I never saw it coming


“Hey, Dave, would you be willing to help test my first group of students?” The request came in the early 1980s from a fellow karate instructor who was teaching his first class. I was about 30 and he a few years younger. I had been involved with martial arts since I was 15 years old and had my own class. Actually, I had taught karate at one place or another since I was 20, so, for a young man, I was relatively experienced.

The test was for yellow belt which, in that system, was really an “incentive belt.” In other words, if the student had been enrolled in the class for 3-6 months and attended most of the workouts, he or she was almost certain to be promoted. They, of course, didn’t know that.

For the first hour of the “test” the 12-15 adult students went through their paces: basic stances, punches, blocks, kicks, and simple forms or “katas.” The remainder of the test was an introduction to basic sparring or “kumite.”

At six months, the students weren’t expected to know or do very much. This part of the test consisted of a white belt beginner “sparring” with a black belt — which really meant they threw a few techniques while the black belt watched them, blocked what they attempted, and throw a few half-speed punches or kicks to see what the student would do. It was supposed to be easy.

Someone forgot to tell that to the first young man I faced in the test. In his mid-20s, he was nervous and eager to make a good impression and to do well. The signal to begin the “sparring match” began. I never saw it coming.

He executed a full-speed, well-thrown roundhouse kick that easily broke through my defenses and landed, full-contact — with no pads on his feet and no mouthpiece in my mouth — square in my face.

My head rocked back and exploded with pain as I saw a cascade of stars. I could feel my legs instantly turn to jelly. “Good grief,” I thought through the pain and the fog, “He’s knocked me out!”

The instructor immediately stopped the action and ran over to keep me from falling flat on my face. My lip was split, my tooth was chipped, and my nose was gushing blood. My friend, and my opponent, were both horrified.

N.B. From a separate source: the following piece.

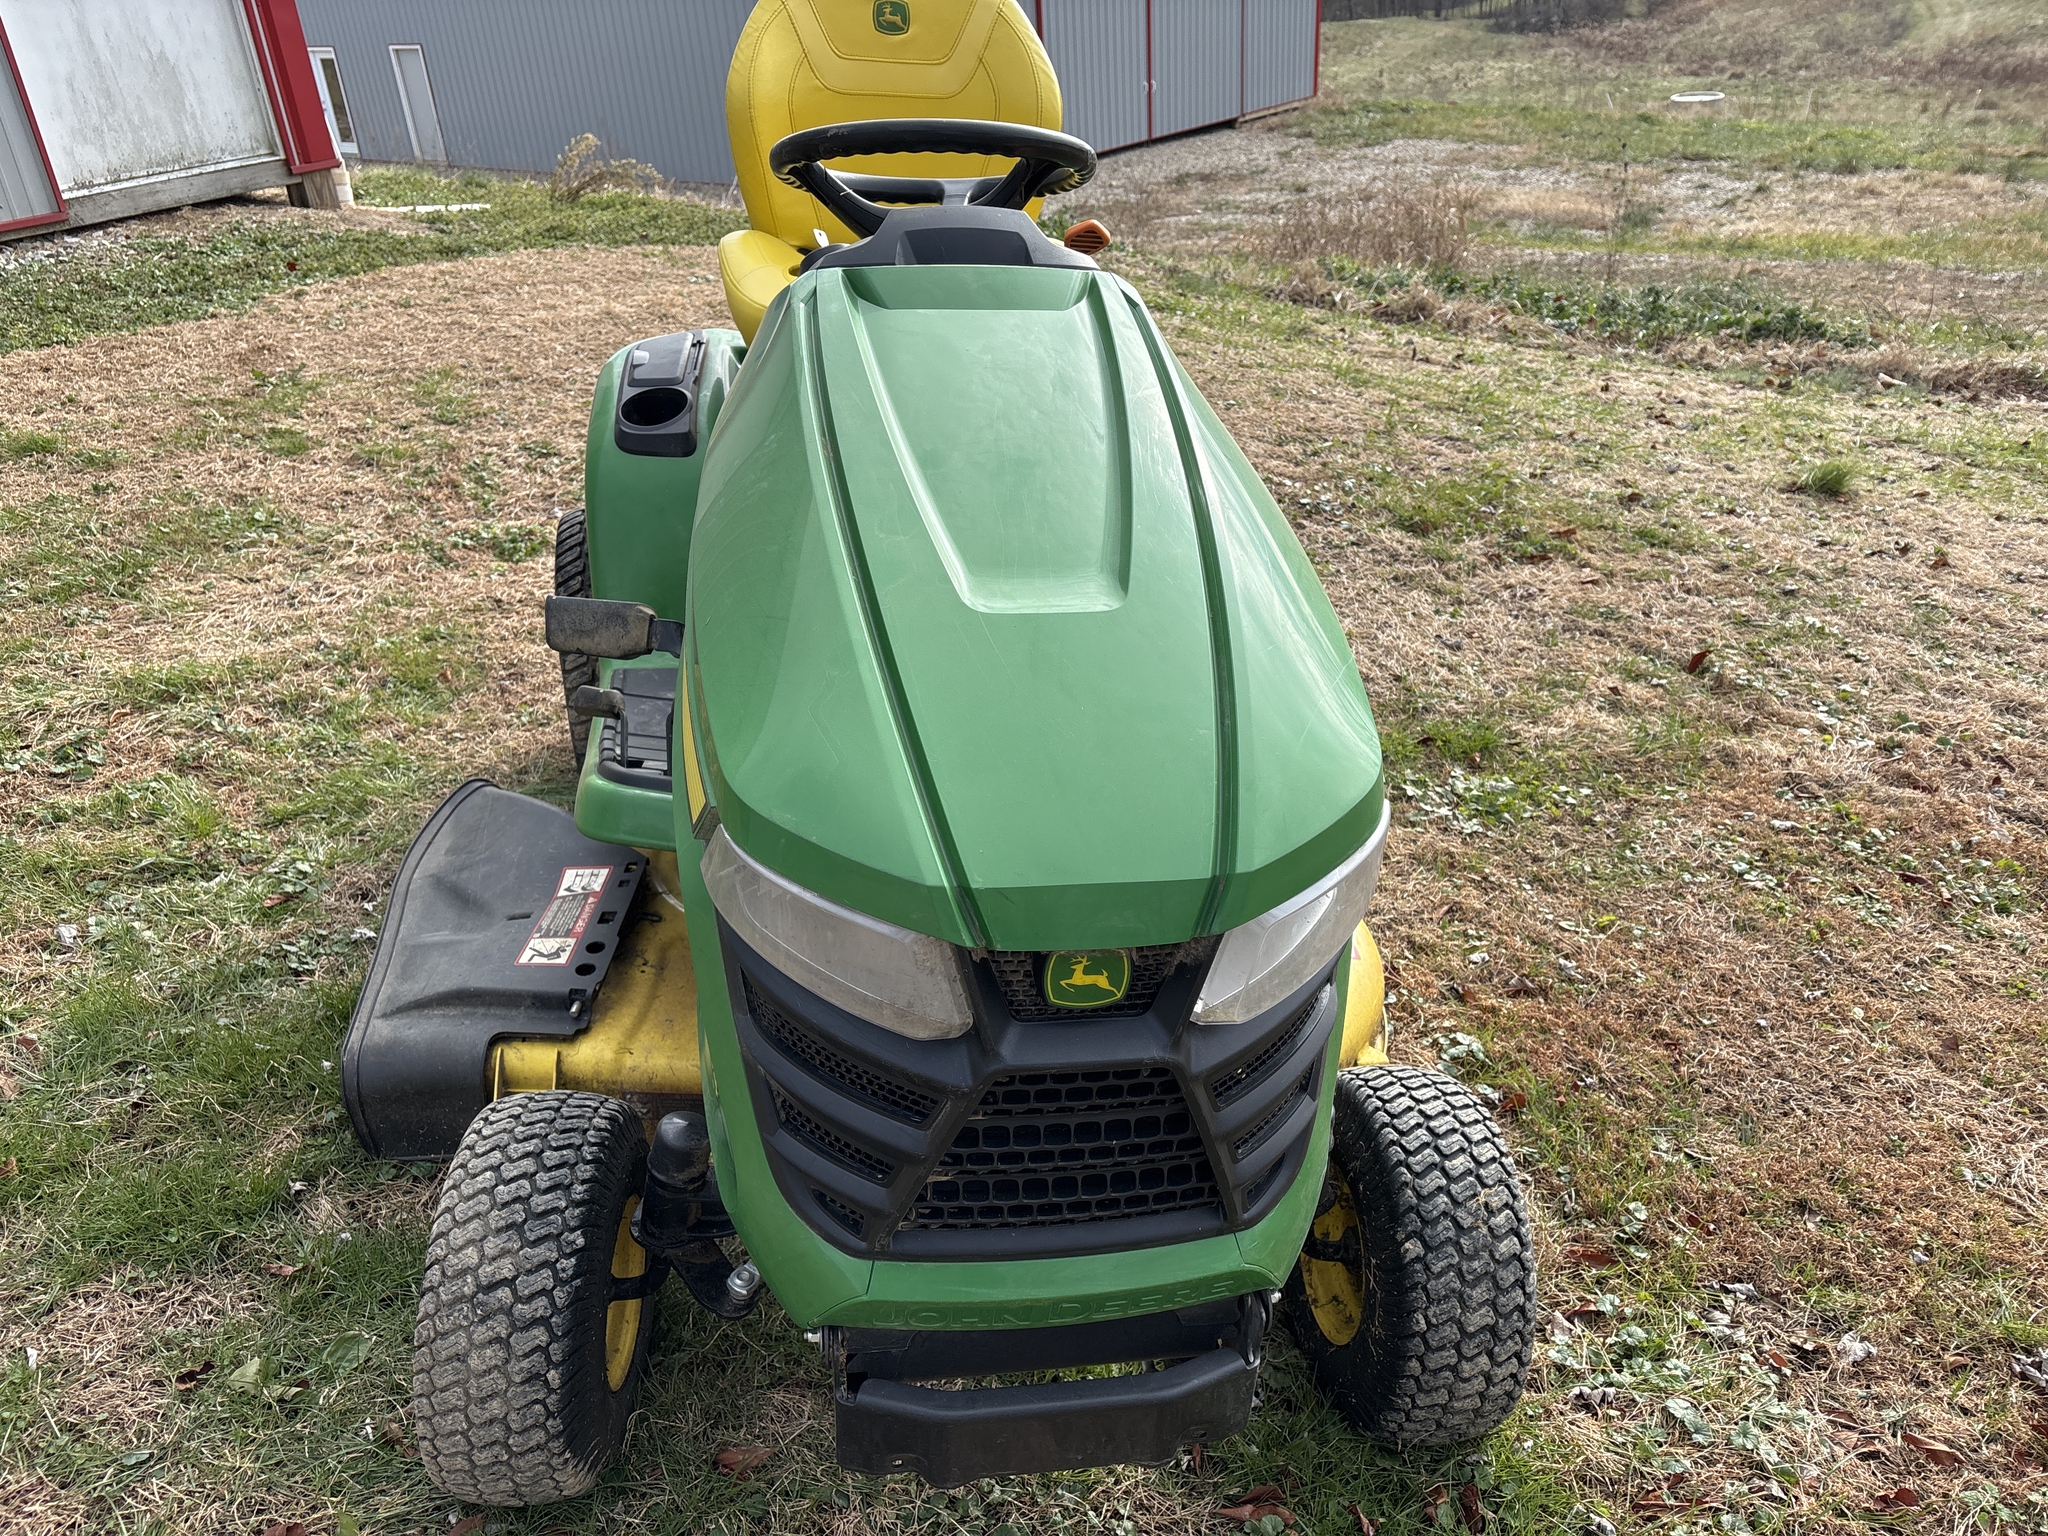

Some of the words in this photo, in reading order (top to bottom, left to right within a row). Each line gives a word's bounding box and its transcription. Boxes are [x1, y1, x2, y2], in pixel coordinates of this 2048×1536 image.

I was quickly ushered to the locker room to get my bearings, clear my head, and wash the blood from my nose and mouth. Afterwards, I went back into the gym and finished the test with the white belt that bloodied my face and the rest of the students. As I recall, they all passed.

The incident, of course, never should have happened. I made three mistakes that day. (1) I underestimated my opponent. I assumed that someone with so little experience would not be able to do what he did as well as he did it. (2) I overestimated myself. I was certain that there was no way that a novice could surprise me. After all, I had some 15 years of experience, much of it in tournament sparring with very tough competitors. (3) I let down my guard. Coupled with the first two mistakes, this third mistake had painful and embarrassing consequences.

Later, I would come to see that these lessons could easily apply to other areas of life. Business: Coca-Cola, on three separate occasions between 1922 and 1933 was offered the opportunity to buy Pepsi-Cola after Pepsi went bankrupt in 1931. Each time they declined.

Sports: In 2007, the powerful fifth-ranked University of Michigan football team was defeated by Appalachian State University 34-32 in what was hailed as one of the biggest upsets in the history of American sports.

Personal Life: Numerous people, some famous, have faced financial and even spiritual shipwreck because of these three mistakes.
The positive lessons to be learned are these: (1) Never underestimate any opponent or situation. (2) Never overestimate your own abilities, believing that you are incapable of defeat. (3) Never let your guard down.

Once in a while I am tempted to make these mistakes all over again. If I catch myself early enough, I can avoid the pain and embarrassment by just taking a look in the mirror. I still have the chipped front tooth as a reminder.